For bugs or installation issues, please provide the following information.
The more information you provide, the more likely people will be able to help you.

Environment info

Operating System: ubuntu 14.04
Compiler: GCC4.4.7
Package used (Python/R/Scala/Julia): python
MXNet version: 0.11.0
MXNet commit hash : 568b5a2

Minimum reproducible example

if you are using your own code, please provide a short script that reproduces the error.

import mxnet as mx
import numpy as np

value = mx.sym.Variable('data')
sorted_adj = mx.sym.argsort(value, axis = 2)

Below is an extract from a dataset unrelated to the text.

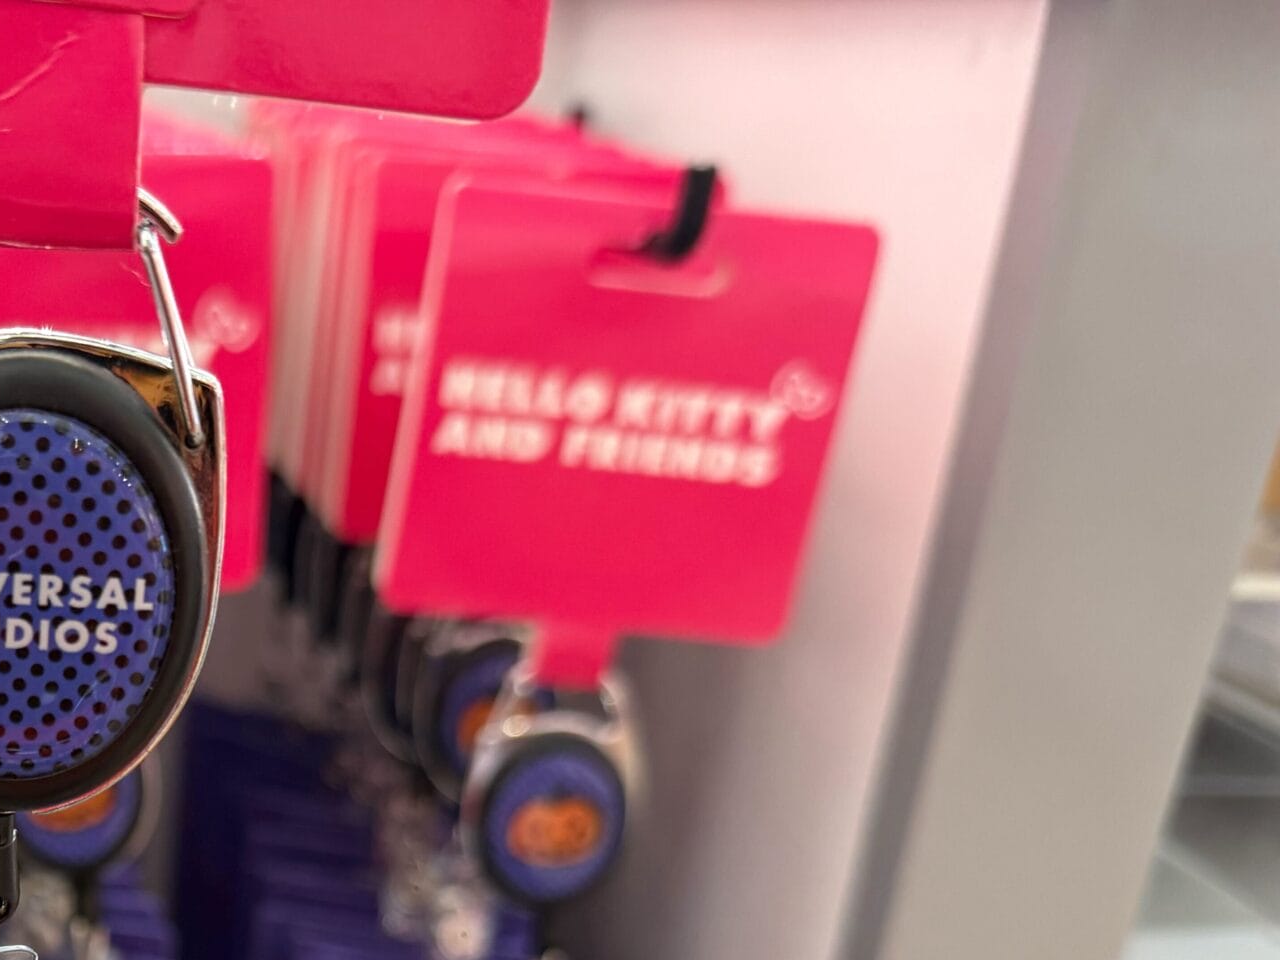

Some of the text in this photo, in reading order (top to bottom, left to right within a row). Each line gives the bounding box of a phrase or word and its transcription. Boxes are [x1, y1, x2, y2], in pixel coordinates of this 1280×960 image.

[439, 362, 790, 441] HELLO KITTY
[431, 411, 778, 487] AND FRIENDS

coord_data = np.random.rand(32, 2048, 2048)
coord_blob = mx.nd.array(coord_data, mx.gpu())
e = sorted_adj.bind(mx.gpu(), {'data':coord_blob})
y = e.forward()

result =  y[0].asnumpy()

vis = np.zeros(2048)
for i in range (2048):
    vis[int(result[4, 0, i])] = 1
cnt = 0
for i in range (2048):
    if vis[i] == 0:
        cnt += 1
print cnt

Steps to reproduce

  1. The provided code will give the cnt!=0, which should be 0 because the argsort should return all the integer from 0 to 2047.
  2. If the result[4, 0, i] has been changed to result[3, 0, i] , the result will be correct again.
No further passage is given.